Questions about Great man theory

Short answers, pulled from the story.

Who created the great man theory of history?

The great man theory is primarily attributed to Thomas Carlyle, a Scottish essayist, historian, and philosopher. He articulated it in a series of lectures on heroism delivered in 1840, later published as On Heroes, Hero-Worship, and the Heroic in History.

What are the six types of heroes in Thomas Carlyle's great man theory?

Carlyle identified six hero types: divinity (exemplified by Odin), prophet (Muhammad), poet (William Shakespeare), priest (Martin Luther), man of letters (Jean-Jacques Rousseau), and king (Napoleon). Each type represented a different mode of decisive historical influence.

How did Herbert Spencer criticise the great man theory?

Herbert Spencer argued that attributing historical events to individuals was unscientific. He contended that great men are products of the social environment that formed them, writing that before a man can remake his society, his society must first make him.

How did William James defend the great man theory against Herbert Spencer?

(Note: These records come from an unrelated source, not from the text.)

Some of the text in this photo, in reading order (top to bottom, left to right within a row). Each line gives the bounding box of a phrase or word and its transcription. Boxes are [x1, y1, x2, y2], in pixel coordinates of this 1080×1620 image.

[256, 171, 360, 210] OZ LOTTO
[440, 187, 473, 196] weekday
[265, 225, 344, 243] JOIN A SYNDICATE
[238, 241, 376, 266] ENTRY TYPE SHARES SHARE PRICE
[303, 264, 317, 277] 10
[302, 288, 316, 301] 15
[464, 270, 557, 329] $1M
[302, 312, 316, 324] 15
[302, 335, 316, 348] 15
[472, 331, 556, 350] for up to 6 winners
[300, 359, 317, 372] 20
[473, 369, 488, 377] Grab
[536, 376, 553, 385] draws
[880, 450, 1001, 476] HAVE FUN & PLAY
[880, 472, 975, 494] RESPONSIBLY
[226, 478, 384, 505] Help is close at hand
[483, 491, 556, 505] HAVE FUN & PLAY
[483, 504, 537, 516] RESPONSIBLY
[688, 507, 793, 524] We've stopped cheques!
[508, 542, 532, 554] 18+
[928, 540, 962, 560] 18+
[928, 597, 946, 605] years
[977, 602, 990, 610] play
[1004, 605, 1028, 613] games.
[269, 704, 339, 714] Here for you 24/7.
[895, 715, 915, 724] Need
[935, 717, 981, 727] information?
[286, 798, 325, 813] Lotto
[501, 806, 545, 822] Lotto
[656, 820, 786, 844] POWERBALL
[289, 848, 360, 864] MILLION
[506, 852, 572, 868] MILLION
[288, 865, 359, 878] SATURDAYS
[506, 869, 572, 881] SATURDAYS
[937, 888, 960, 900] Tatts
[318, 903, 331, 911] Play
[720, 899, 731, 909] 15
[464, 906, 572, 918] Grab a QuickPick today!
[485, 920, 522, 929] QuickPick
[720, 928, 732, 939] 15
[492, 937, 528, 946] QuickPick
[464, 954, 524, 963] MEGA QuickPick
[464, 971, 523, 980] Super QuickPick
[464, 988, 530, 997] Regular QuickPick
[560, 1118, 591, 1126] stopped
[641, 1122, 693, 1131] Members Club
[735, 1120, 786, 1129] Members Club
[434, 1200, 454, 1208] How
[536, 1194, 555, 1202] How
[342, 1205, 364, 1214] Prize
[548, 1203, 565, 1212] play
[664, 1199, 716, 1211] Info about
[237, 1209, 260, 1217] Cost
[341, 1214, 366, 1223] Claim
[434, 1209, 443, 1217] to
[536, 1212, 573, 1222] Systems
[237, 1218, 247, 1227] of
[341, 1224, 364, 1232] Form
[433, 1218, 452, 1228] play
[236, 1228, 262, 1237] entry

In his 1880 lecture "Great Men, Great Thoughts, and the Environment," published in the Atlantic Monthly, William James argued that genetic anomalies in the brains of great men introduce genuinely original influences into their environments. He described these men as social "ferments" whose variations are either preserved or destroyed by their surrounding environment in a process analogous to evolutionary selection.

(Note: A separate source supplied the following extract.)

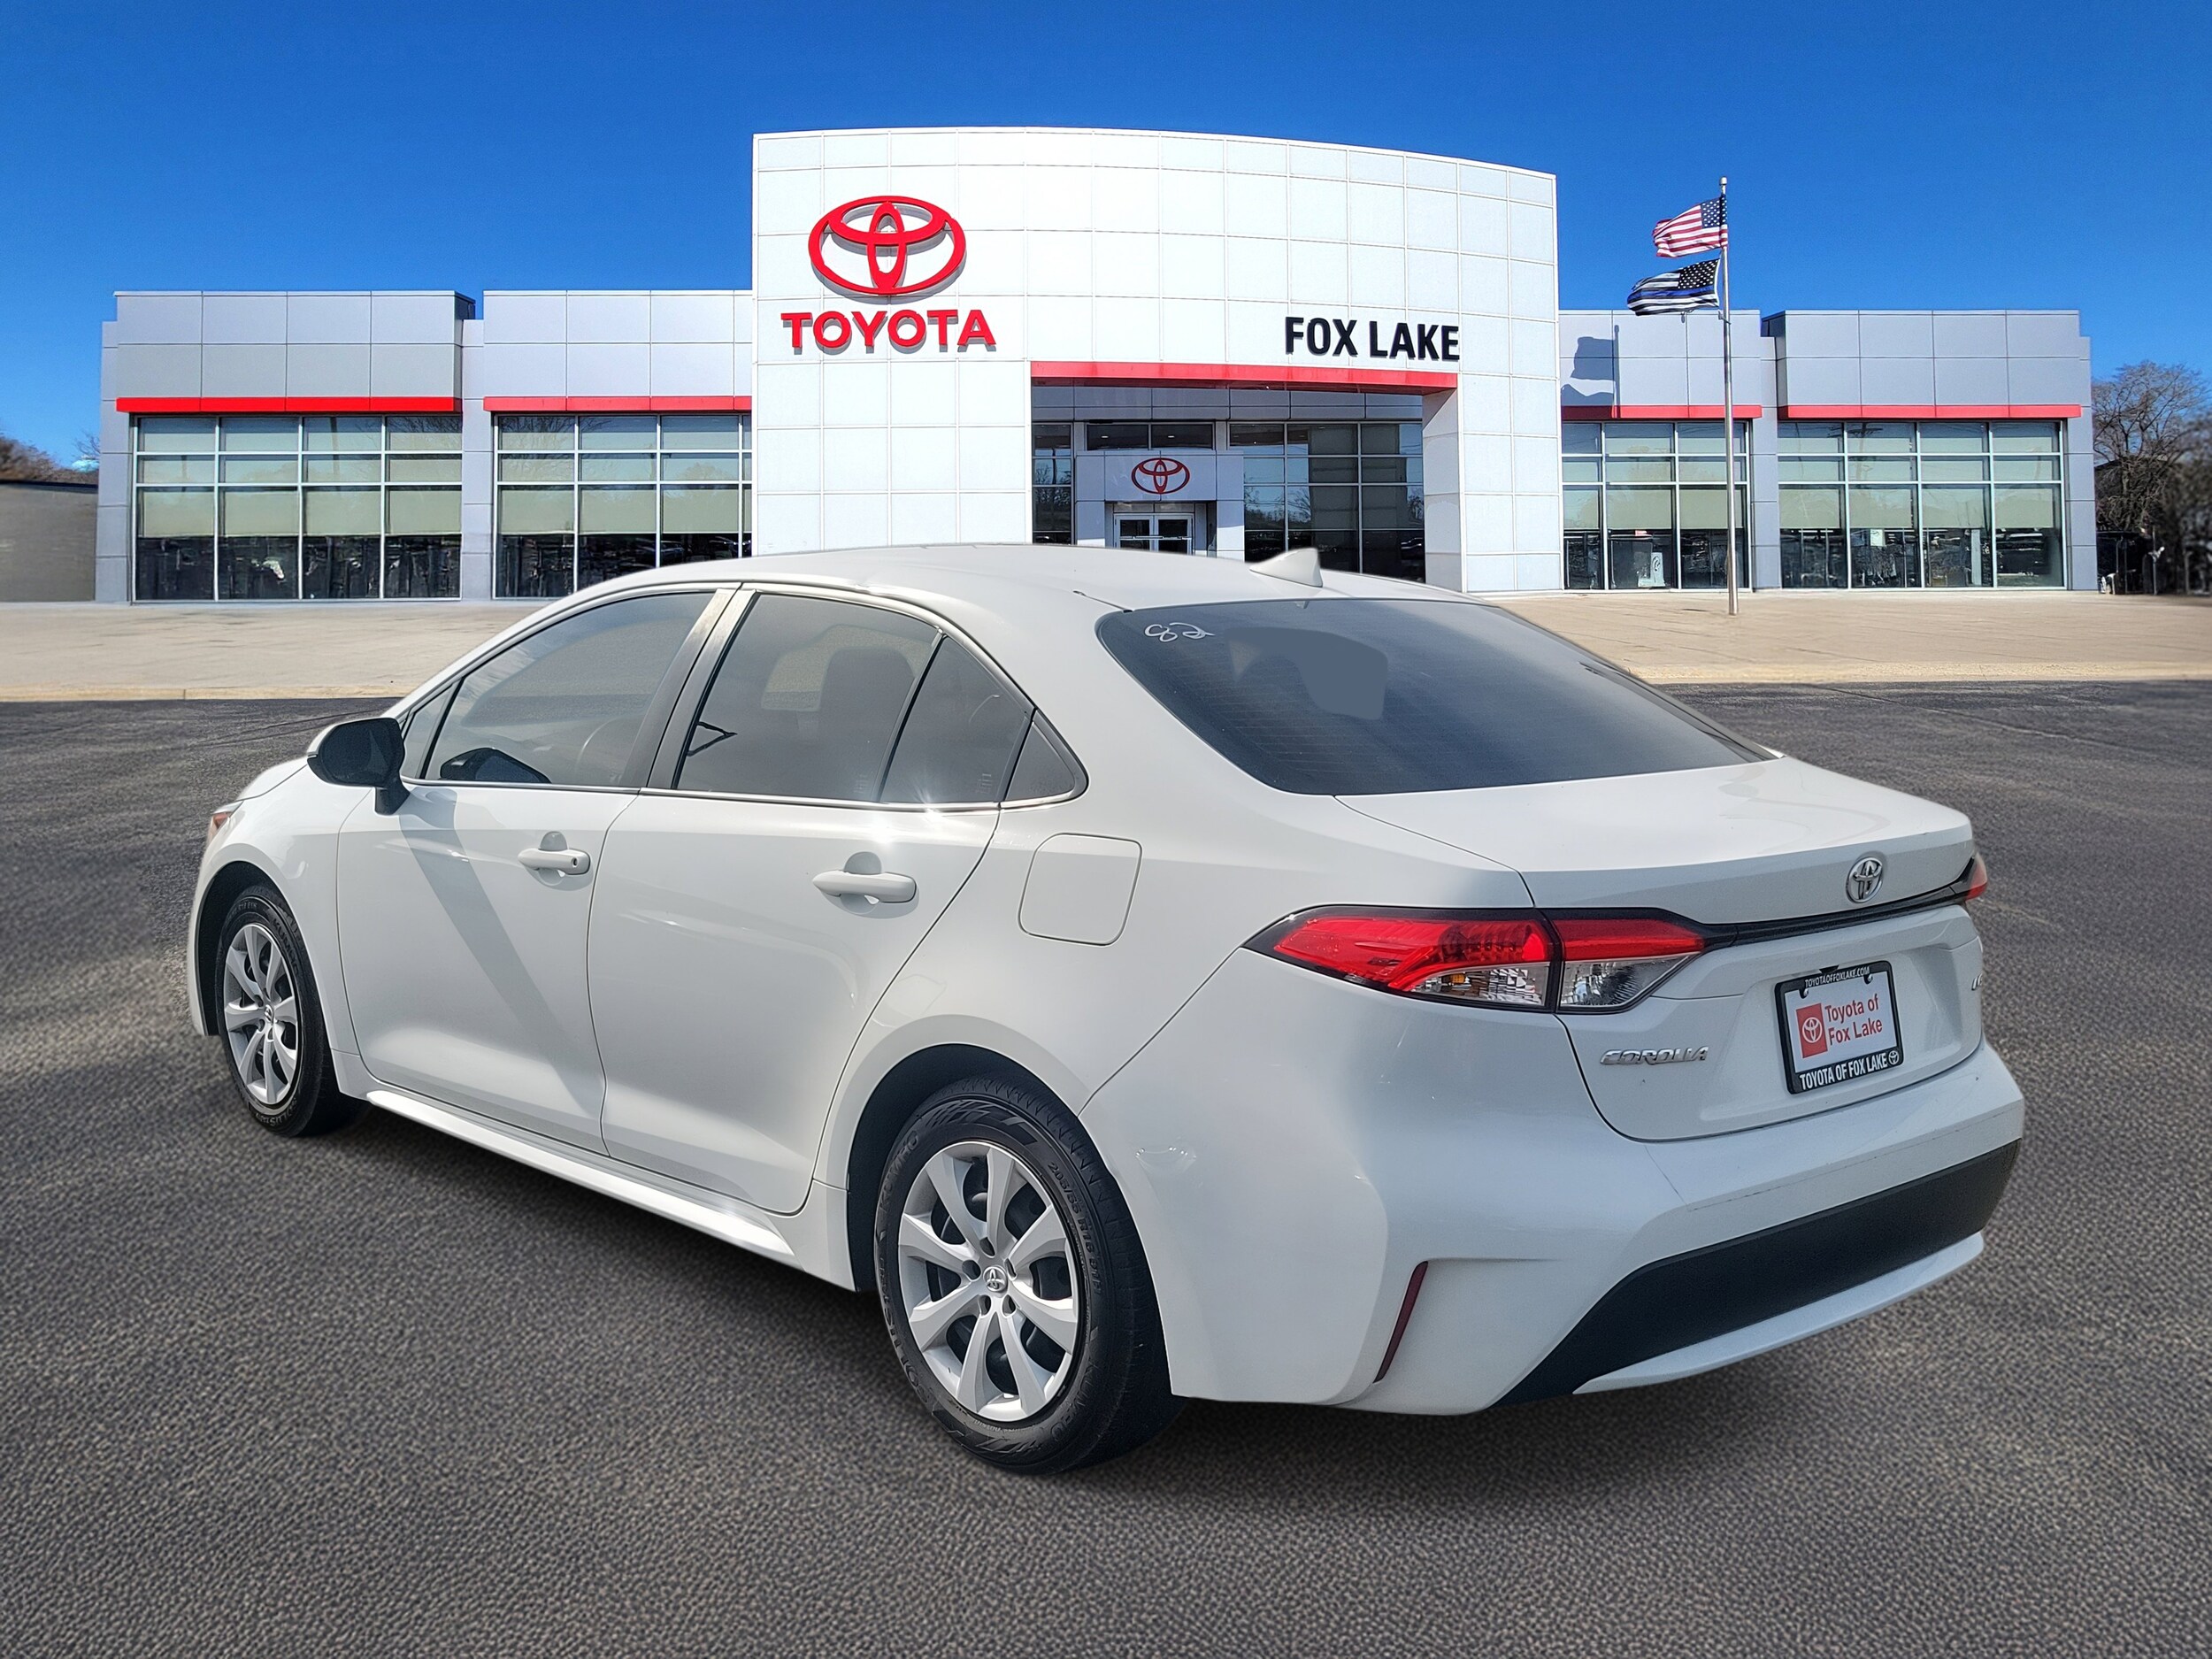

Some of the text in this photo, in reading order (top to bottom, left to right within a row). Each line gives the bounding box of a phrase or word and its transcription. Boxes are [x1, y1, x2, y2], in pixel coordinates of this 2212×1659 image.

What did Frederick Adams Woods contribute to the great man theory?

Frederick Adams Woods provided empirical support in his book The Influence of Monarchs: Steps in a New Science of History. He studied 386 rulers in Western Europe from the 12th century to the French Revolution, examining how those rulers shaped the course of events in their territories.

How did Ian Kershaw apply the great man theory to Adolf Hitler?

Ian Kershaw, writing in 1998, argued that Hitler posed fundamental problems for the great man tradition because Hitler's personal attributes were not noble or enriching. Kershaw rejected the theory and instead argued that Hitler's importance derived from how others perceived him, which Kershaw framed through Max Weber's concept of charismatic leadership.